* _Brief_
Please copy every record below exactly, leaving out the pictures.

* _Provided data_
=== Section Start ===
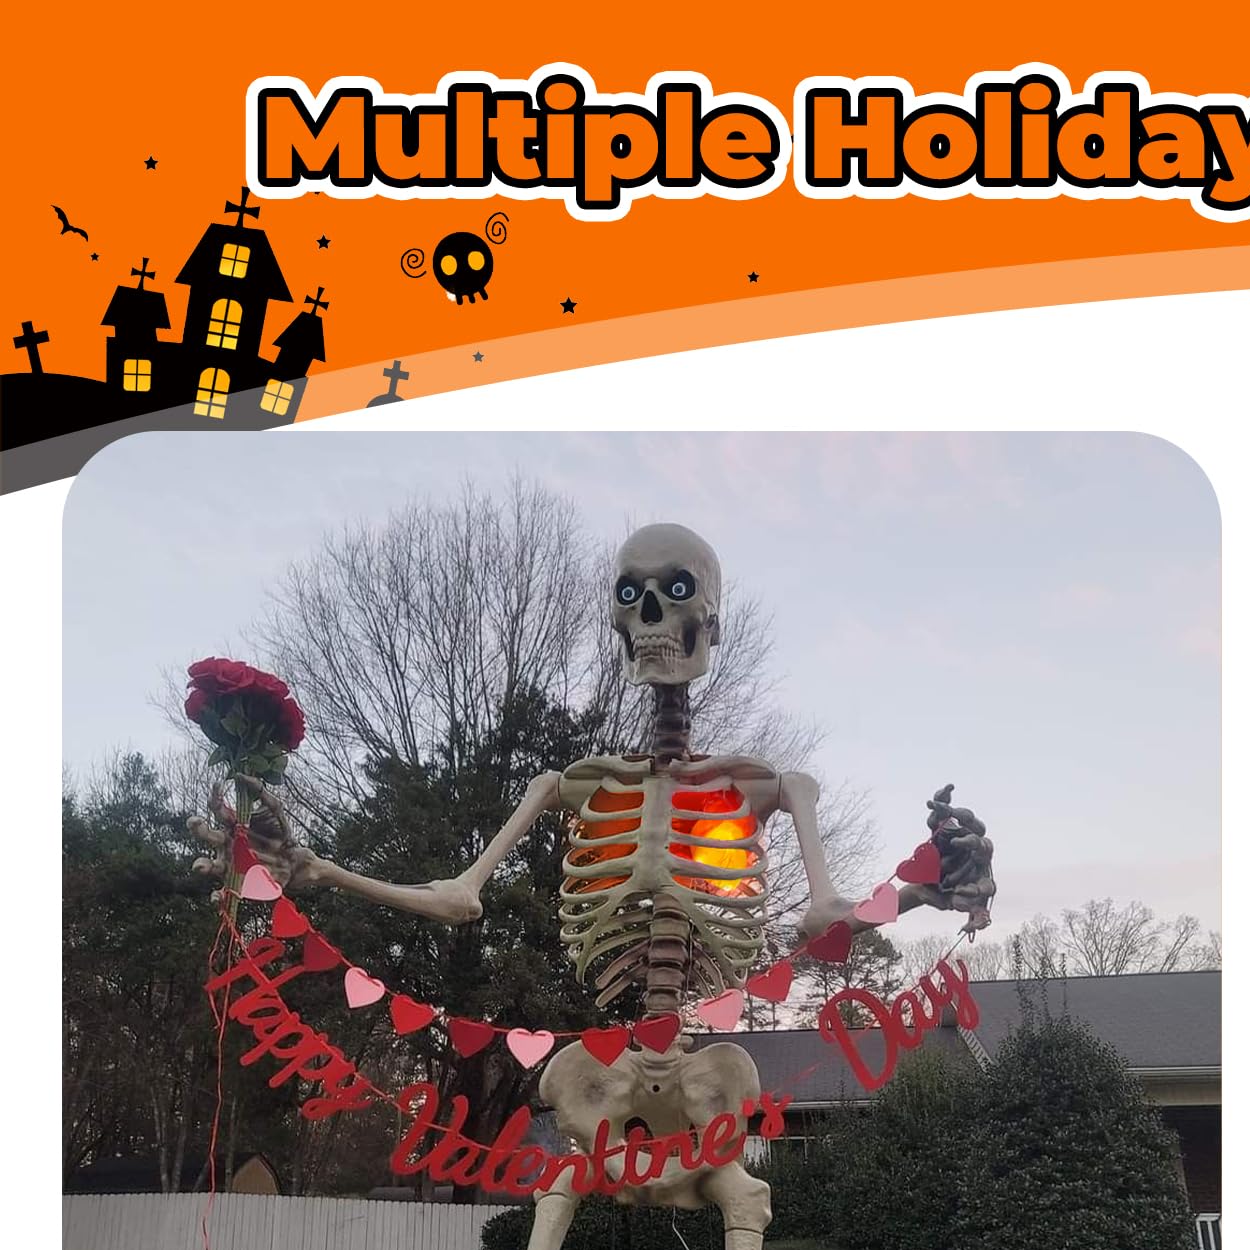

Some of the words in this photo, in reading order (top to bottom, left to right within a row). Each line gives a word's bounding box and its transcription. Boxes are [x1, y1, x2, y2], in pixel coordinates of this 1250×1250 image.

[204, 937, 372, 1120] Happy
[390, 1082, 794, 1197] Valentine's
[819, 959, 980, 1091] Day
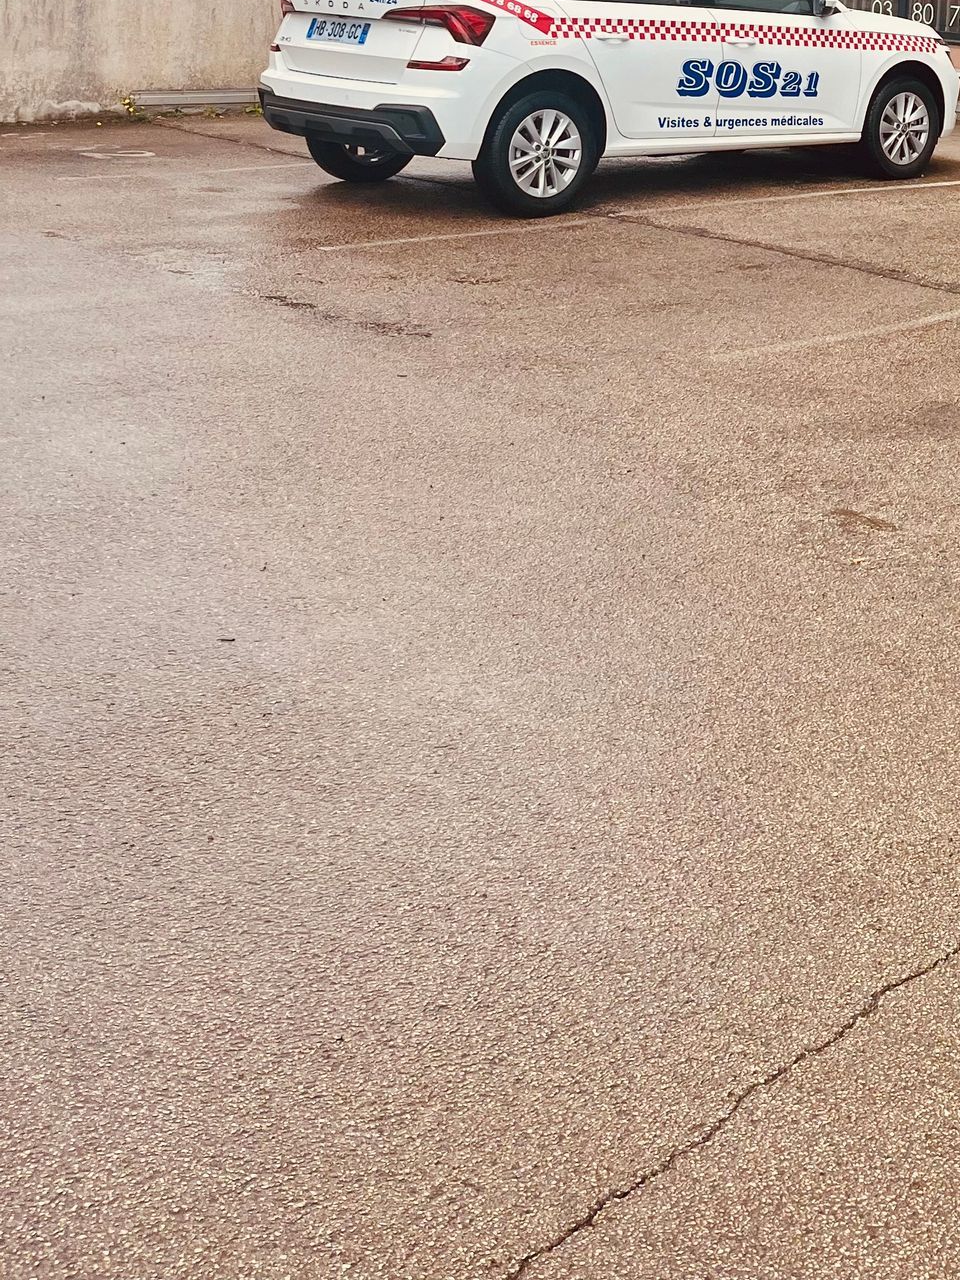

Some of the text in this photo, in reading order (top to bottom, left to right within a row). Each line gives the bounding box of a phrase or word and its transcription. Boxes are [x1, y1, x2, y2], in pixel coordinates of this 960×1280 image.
=== Section End ===
* _Task response_
Some of the words in this photo, in reading order (top to bottom, left to right within a row). Each line gives a word's bounding box and its transcription. Boxes are [x1, y1, x2, y2], in pixel coordinates of this 1250×1250 image.

[204, 937, 372, 1120] Happy
[390, 1082, 794, 1197] Valentine's
[819, 959, 980, 1091] Day

Some of the text in this photo, in reading order (top to bottom, left to right within a row). Each line gives the bounding box of a phrase or word and its transcription. Boxes are [x1, y1, x2, y2], in pixel coordinates of this 960×1280 image.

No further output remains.